Chegou a Frankfurt em pleno verão europeu para visitar uma daquelas feiras com gente do mundo todo, com duas malas e sem hotel, que nesta época deve ser reservado com meses de antecedência. Mas o que poderia ser um inferno para muitos não era para Pepe, uma pessoa que parecia ter o anjo da guarda sempre de plantão. Enquanto caminha de um lado para outro em busca de um quarto em frente à estação de trem, topa com uma senhorita, que do nada lhe oferece hospedagem. Ela era zeladora de um edifício e vivia num apartamento no último andar. Como foi o trato ele não me explicou, já que não falava uma palavra de alemão nem ela de espanhol. Durante o dia ele ficava na feira e, quando voltava à noite, ela cozinhava salsicha branca, chucrute, bebiam cerveja e faziam amor. Num canto da cozinha, com vista para o rio Main e a catedral de São Bartolomeu ao fundo, um papagaio não cansava de repetir:

— Guten morgen Pepe, guten morgen Pepe, sem que ele entendesse se era uma ofensa ou elogio.

Quando a feira terminou, ele continuou por lá aproveitando a hospedagem barata e passeando pela cidade numa bicicleta que ela pedalava com ele, de saco e corbata, sentado no cano. Ele fumava enquanto ela recitava, de memória, versos de Schiller entremeados com Goethe.

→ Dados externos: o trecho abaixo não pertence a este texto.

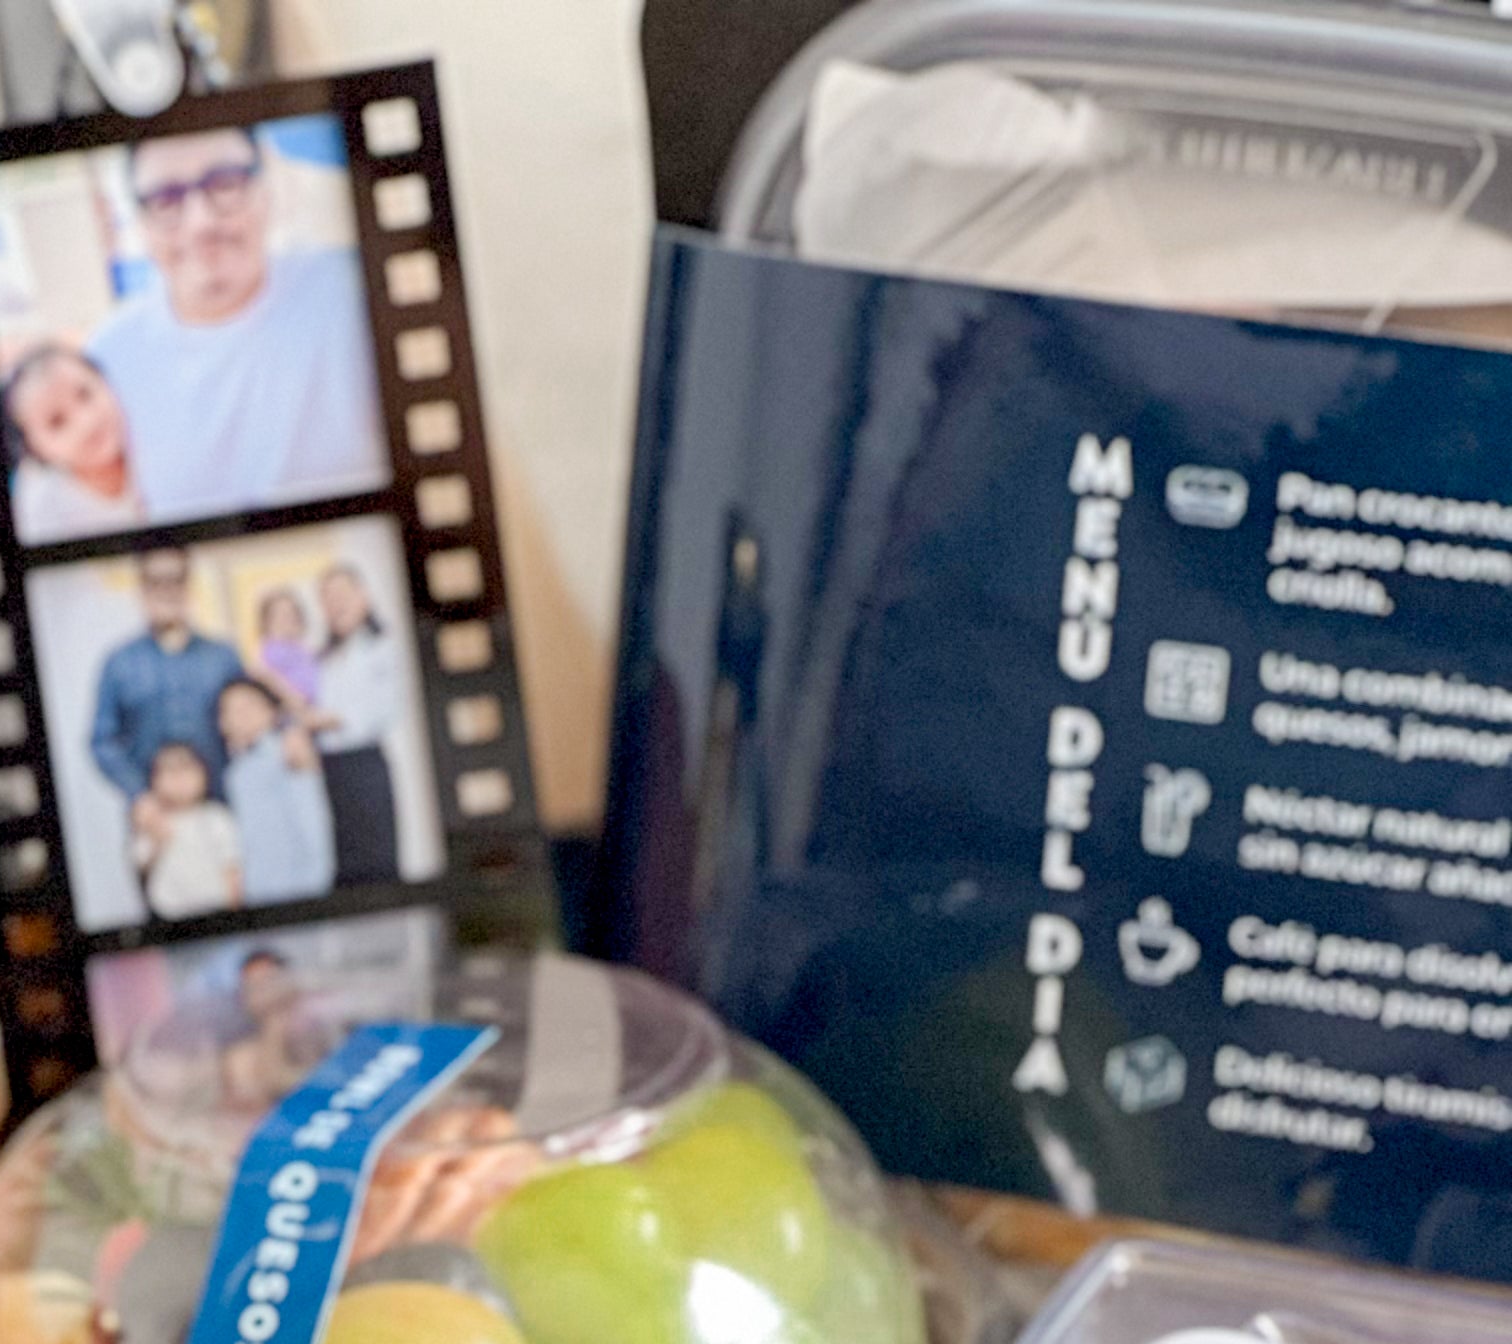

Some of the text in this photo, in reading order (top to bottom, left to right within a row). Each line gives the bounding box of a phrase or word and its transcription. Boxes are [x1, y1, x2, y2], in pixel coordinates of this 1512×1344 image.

[1278, 472, 1355, 519] Pan
[1267, 515, 1403, 569] jugoso
[1260, 651, 1341, 698] Una
[1041, 706, 1103, 890] DEL
[1245, 785, 1511, 857] Néctar natural
[1238, 830, 1299, 872] sin
[1228, 916, 1317, 963] Café
[1317, 935, 1404, 978] para
[1223, 964, 1380, 1019] perfecto
[1381, 990, 1469, 1033] para
[1214, 1046, 1382, 1108] Delicioso

Ouvi essa e muitas outras histórias do Pepe, que era argentino, magro, olhos miúdos e melancólicos. Tinha o bigode ralo e os cabelos pretos sempre despenteados que de vez em quando ele jogava para trás com a mão, e que lhe davam um ar de eterno boêmio. Sua conversa era pausada, serena, encantadora. Gostava de beber e seus dedos amarelados de nicotina denunciavam o vício do cigarro, sem filtro, que ele fumava um depois do outro.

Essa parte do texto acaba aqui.